(Stored data entries)
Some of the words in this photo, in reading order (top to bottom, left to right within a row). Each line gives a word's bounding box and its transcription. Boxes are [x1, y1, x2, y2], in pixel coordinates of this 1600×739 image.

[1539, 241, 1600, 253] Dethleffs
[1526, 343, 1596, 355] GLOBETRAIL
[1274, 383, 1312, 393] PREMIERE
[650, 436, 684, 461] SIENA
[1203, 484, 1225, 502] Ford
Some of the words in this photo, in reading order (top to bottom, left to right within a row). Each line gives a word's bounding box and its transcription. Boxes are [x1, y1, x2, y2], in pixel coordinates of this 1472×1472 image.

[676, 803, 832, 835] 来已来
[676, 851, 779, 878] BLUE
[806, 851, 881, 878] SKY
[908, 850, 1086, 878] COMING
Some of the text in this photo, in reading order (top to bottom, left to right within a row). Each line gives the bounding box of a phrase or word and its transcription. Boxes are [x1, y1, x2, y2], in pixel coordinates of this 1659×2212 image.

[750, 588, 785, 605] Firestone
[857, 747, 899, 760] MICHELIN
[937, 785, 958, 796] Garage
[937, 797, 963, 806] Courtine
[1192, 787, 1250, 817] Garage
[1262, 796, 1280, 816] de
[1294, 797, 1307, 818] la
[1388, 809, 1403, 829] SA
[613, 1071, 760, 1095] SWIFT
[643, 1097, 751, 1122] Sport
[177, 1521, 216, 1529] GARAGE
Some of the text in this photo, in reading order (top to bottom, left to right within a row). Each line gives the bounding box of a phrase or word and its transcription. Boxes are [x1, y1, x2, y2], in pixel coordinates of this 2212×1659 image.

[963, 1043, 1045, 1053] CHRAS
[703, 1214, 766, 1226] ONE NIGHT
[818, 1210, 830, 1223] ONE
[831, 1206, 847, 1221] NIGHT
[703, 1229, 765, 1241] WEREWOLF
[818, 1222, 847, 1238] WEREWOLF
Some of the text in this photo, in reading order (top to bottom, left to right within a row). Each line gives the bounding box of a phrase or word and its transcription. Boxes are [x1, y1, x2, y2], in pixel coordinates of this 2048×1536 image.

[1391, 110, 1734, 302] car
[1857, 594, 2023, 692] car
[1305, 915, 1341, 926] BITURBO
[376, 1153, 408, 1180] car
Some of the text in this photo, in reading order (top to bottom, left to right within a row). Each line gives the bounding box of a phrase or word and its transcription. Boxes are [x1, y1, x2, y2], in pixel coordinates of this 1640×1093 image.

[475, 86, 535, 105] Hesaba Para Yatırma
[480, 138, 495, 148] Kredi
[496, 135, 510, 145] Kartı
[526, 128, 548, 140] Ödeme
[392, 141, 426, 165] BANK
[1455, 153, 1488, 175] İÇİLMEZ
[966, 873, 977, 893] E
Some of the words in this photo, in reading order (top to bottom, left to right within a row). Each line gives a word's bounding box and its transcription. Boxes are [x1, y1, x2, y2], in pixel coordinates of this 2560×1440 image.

## ACTIVITY
Give back the whole of the data above, exactly as written.

## RESPONSE FOR THIS EXERCISE
Some of the words in this photo, in reading order (top to bottom, left to right within a row). Each line gives a word's bounding box and its transcription. Boxes are [x1, y1, x2, y2], in pixel coordinates of this 1600×739 image.

[1539, 241, 1600, 253] Dethleffs
[1526, 343, 1596, 355] GLOBETRAIL
[1274, 383, 1312, 393] PREMIERE
[650, 436, 684, 461] SIENA
[1203, 484, 1225, 502] Ford
Some of the words in this photo, in reading order (top to bottom, left to right within a row). Each line gives a word's bounding box and its transcription. Boxes are [x1, y1, x2, y2], in pixel coordinates of this 1472×1472 image.

[676, 803, 832, 835] 来已来
[676, 851, 779, 878] BLUE
[806, 851, 881, 878] SKY
[908, 850, 1086, 878] COMING
Some of the text in this photo, in reading order (top to bottom, left to right within a row). Each line gives the bounding box of a phrase or word and its transcription. Boxes are [x1, y1, x2, y2], in pixel coordinates of this 1659×2212 image.

[750, 588, 785, 605] Firestone
[857, 747, 899, 760] MICHELIN
[937, 785, 958, 796] Garage
[937, 797, 963, 806] Courtine
[1192, 787, 1250, 817] Garage
[1262, 796, 1280, 816] de
[1294, 797, 1307, 818] la
[1388, 809, 1403, 829] SA
[613, 1071, 760, 1095] SWIFT
[643, 1097, 751, 1122] Sport
[177, 1521, 216, 1529] GARAGE
Some of the text in this photo, in reading order (top to bottom, left to right within a row). Each line gives the bounding box of a phrase or word and its transcription. Boxes are [x1, y1, x2, y2], in pixel coordinates of this 2212×1659 image.

[963, 1043, 1045, 1053] CHRAS
[703, 1214, 766, 1226] ONE NIGHT
[818, 1210, 830, 1223] ONE
[831, 1206, 847, 1221] NIGHT
[703, 1229, 765, 1241] WEREWOLF
[818, 1222, 847, 1238] WEREWOLF
Some of the text in this photo, in reading order (top to bottom, left to right within a row). Each line gives the bounding box of a phrase or word and its transcription. Boxes are [x1, y1, x2, y2], in pixel coordinates of this 2048×1536 image.

[1391, 110, 1734, 302] car
[1857, 594, 2023, 692] car
[1305, 915, 1341, 926] BITURBO
[376, 1153, 408, 1180] car
Some of the text in this photo, in reading order (top to bottom, left to right within a row). Each line gives the bounding box of a phrase or word and its transcription. Boxes are [x1, y1, x2, y2], in pixel coordinates of this 1640×1093 image.

[475, 86, 535, 105] Hesaba Para Yatırma
[480, 138, 495, 148] Kredi
[496, 135, 510, 145] Kartı
[526, 128, 548, 140] Ödeme
[392, 141, 426, 165] BANK
[1455, 153, 1488, 175] İÇİLMEZ
[966, 873, 977, 893] E
Some of the words in this photo, in reading order (top to bottom, left to right within a row). Each line gives a word's bounding box and its transcription. Boxes are [x1, y1, x2, y2], in pixel coordinates of this 2560×1440 image.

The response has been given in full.